### YOUR OBJECTIVE:
With the pictures removed, write out the data below exactly.

### RAW DATA:
╭──
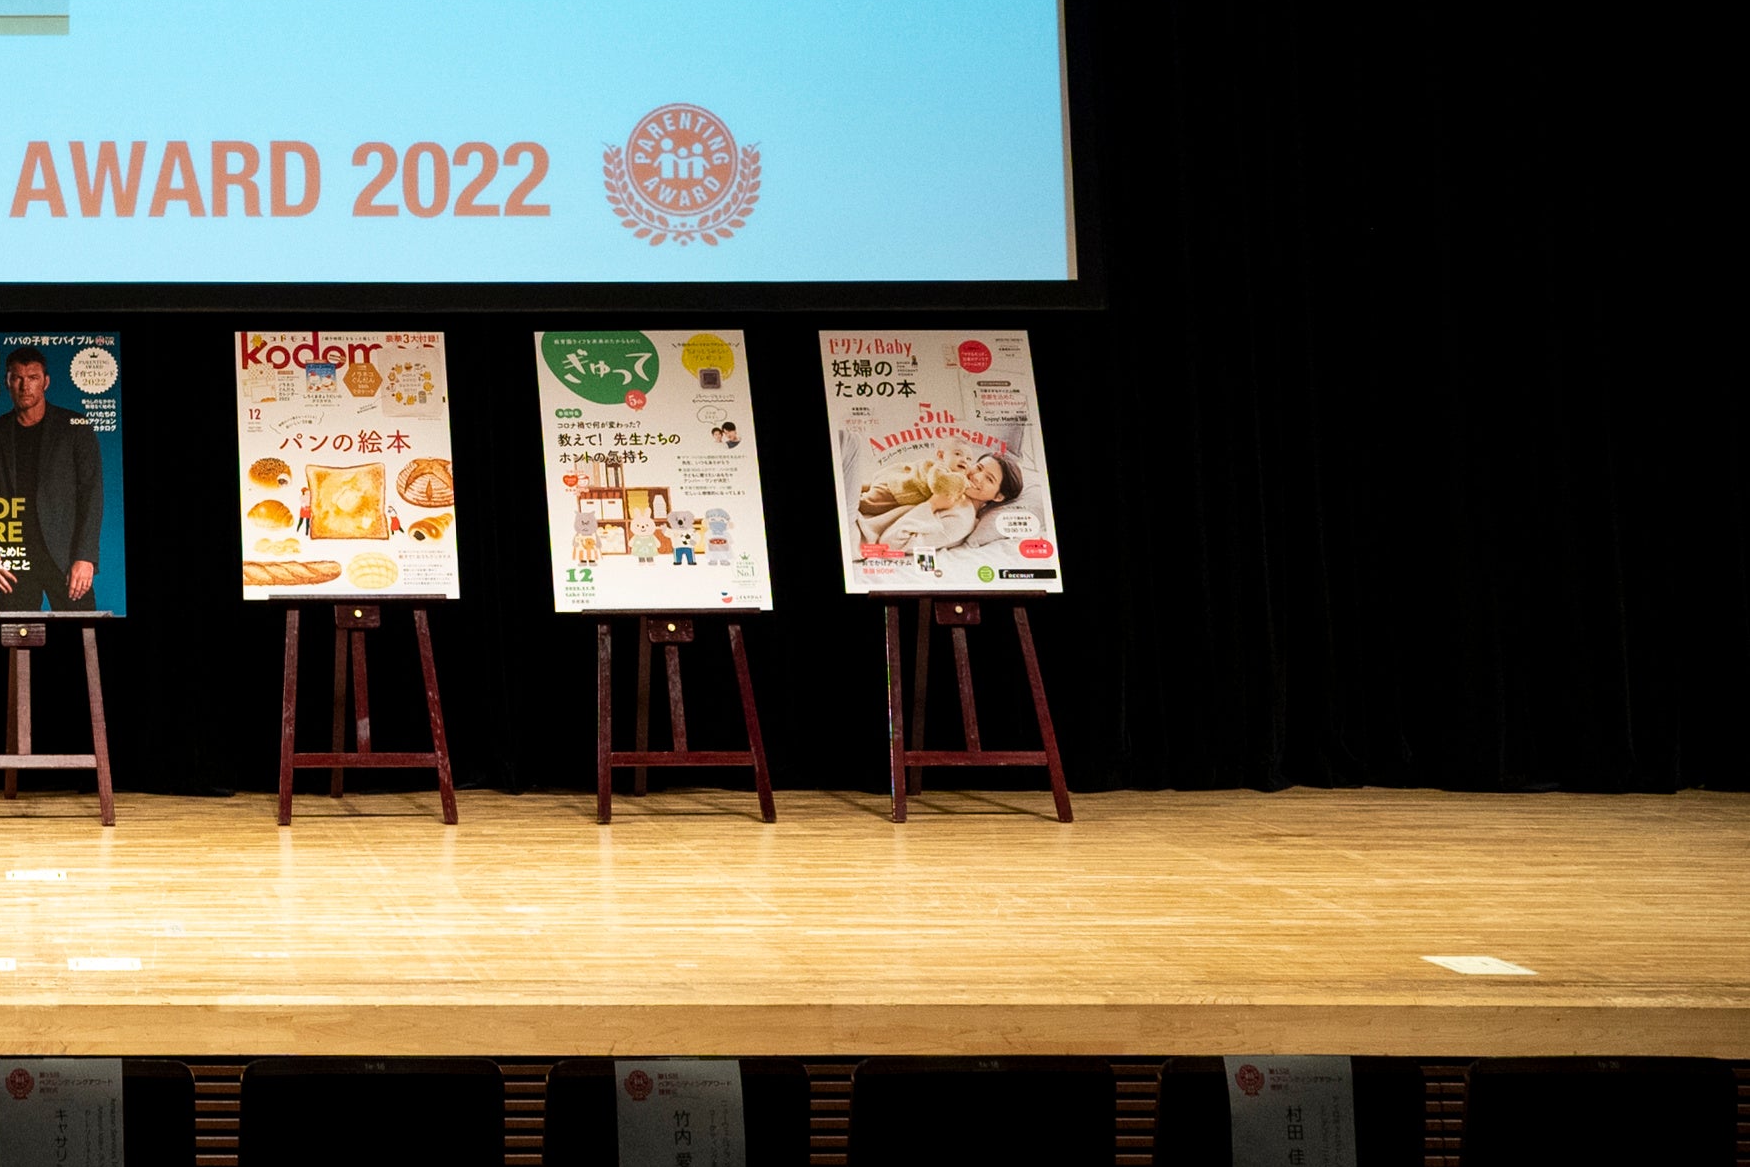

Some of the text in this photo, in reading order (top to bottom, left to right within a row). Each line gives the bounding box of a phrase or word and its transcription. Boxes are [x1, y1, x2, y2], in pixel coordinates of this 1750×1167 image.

[634, 112, 730, 165] PARENTING
[10, 141, 323, 220] AWARD
[351, 141, 551, 220] 2022
[643, 176, 721, 207] AWARD
[241, 332, 435, 370] kodom
[562, 348, 652, 385] ぎゅって
[832, 359, 892, 378] 妊婦の
[835, 380, 917, 398] ための本
[249, 408, 261, 420] 12
[919, 402, 955, 424] 5th
[279, 429, 412, 454] パンの絵本
[613, 433, 681, 446] 先生たちの
[869, 422, 1007, 456] Anniversary
[559, 450, 649, 464] ホントの気持ち
[565, 568, 594, 583] 12
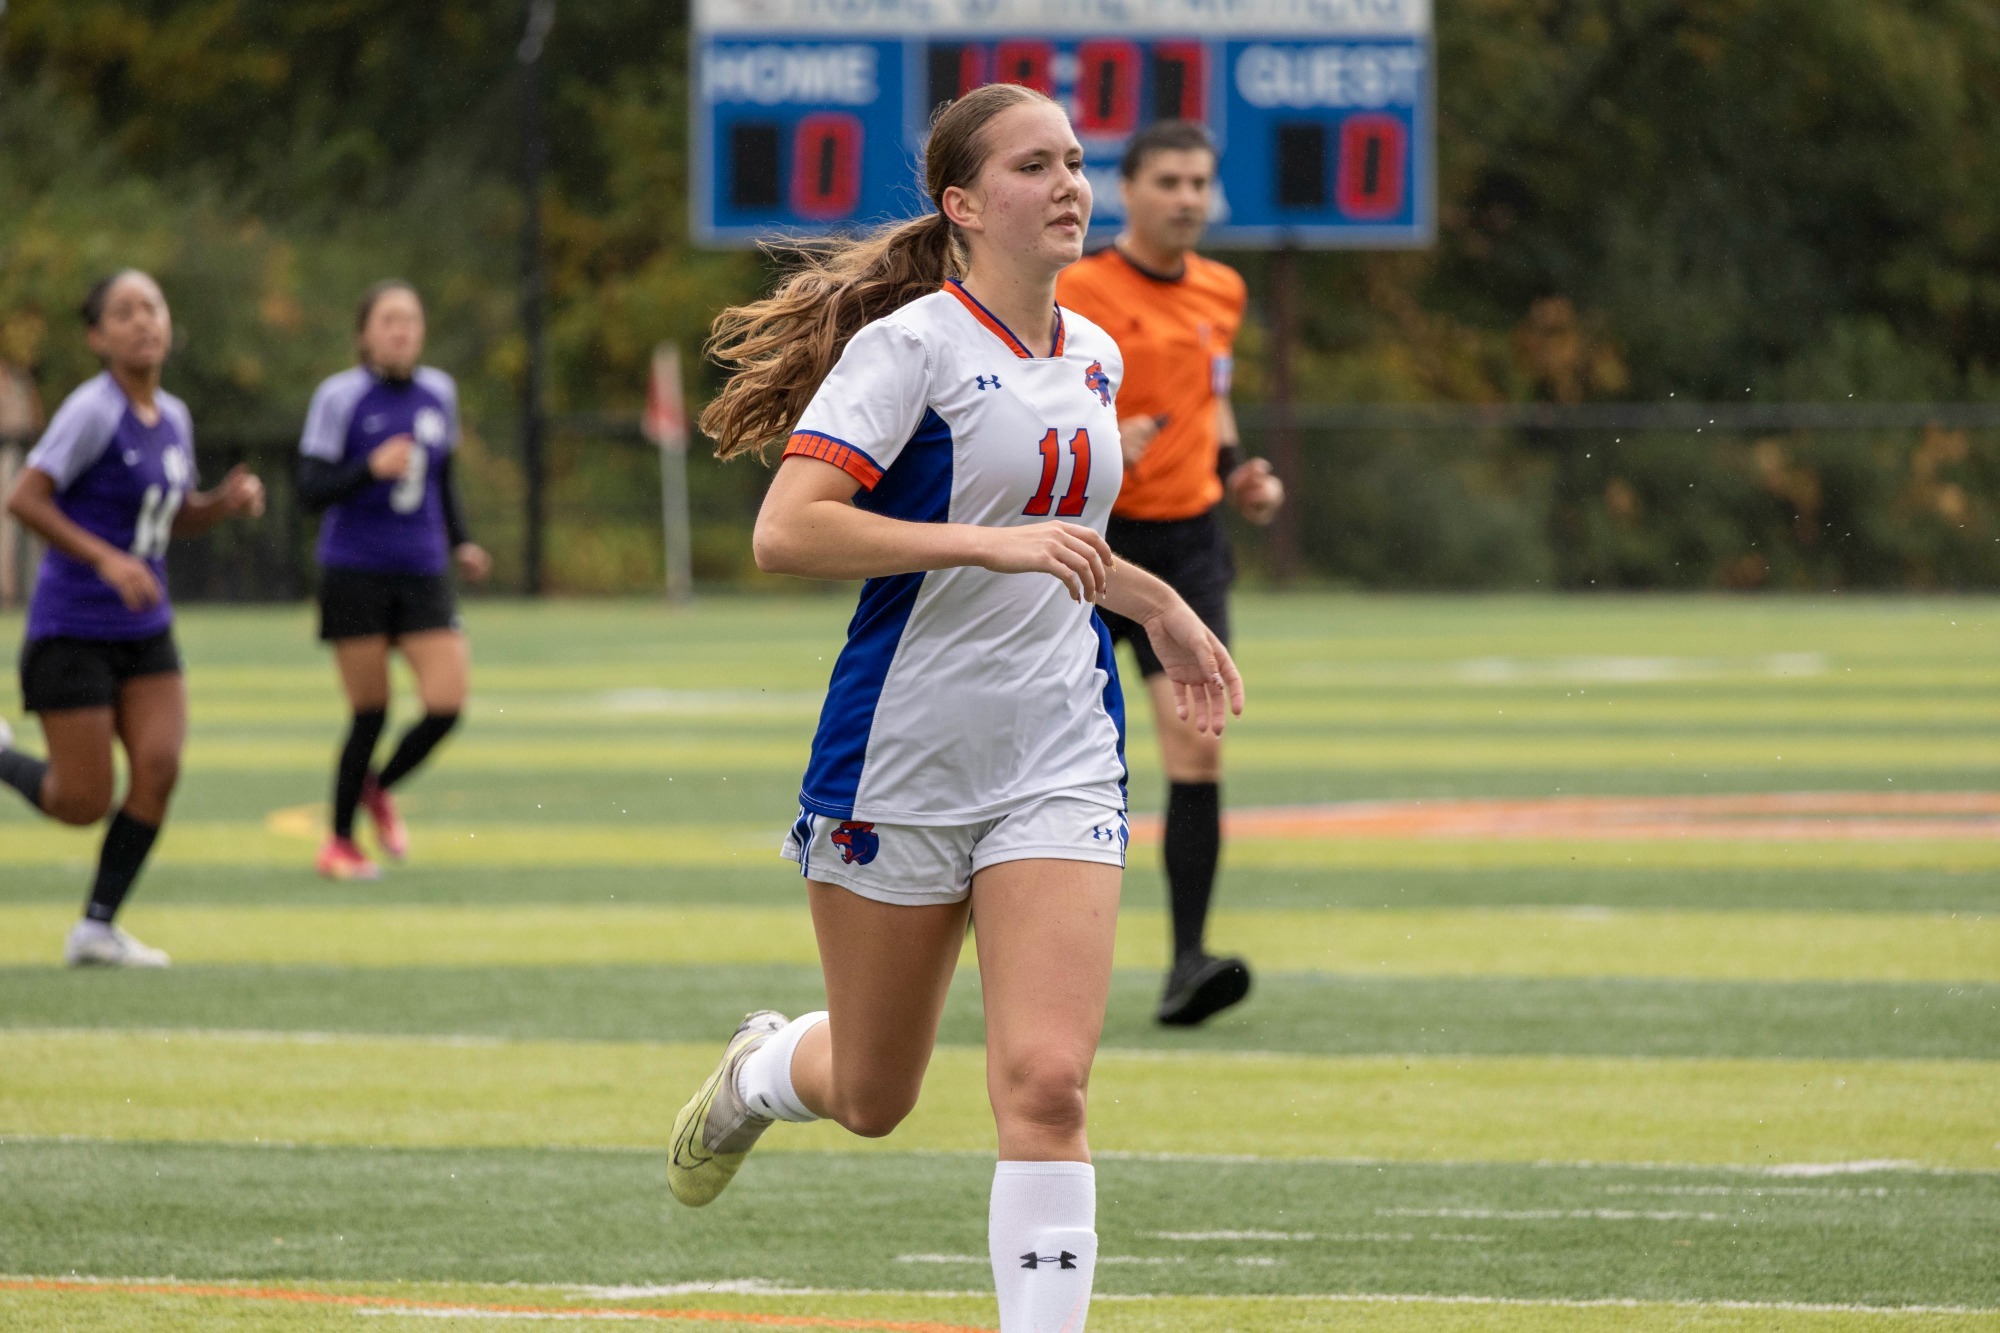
╰──
### ANSWER SECTION:
Some of the text in this photo, in reading order (top to bottom, left to right within a row). Each line gives the bounding box of a phrase or word and its transcription. Boxes are [x1, y1, x2, y2], in pixel coordinates of this 1750×1167 image.

[634, 112, 730, 165] PARENTING
[10, 141, 323, 220] AWARD
[351, 141, 551, 220] 2022
[643, 176, 721, 207] AWARD
[241, 332, 435, 370] kodom
[562, 348, 652, 385] ぎゅって
[832, 359, 892, 378] 妊婦の
[835, 380, 917, 398] ための本
[249, 408, 261, 420] 12
[919, 402, 955, 424] 5th
[279, 429, 412, 454] パンの絵本
[613, 433, 681, 446] 先生たちの
[869, 422, 1007, 456] Anniversary
[559, 450, 649, 464] ホントの気持ち
[565, 568, 594, 583] 12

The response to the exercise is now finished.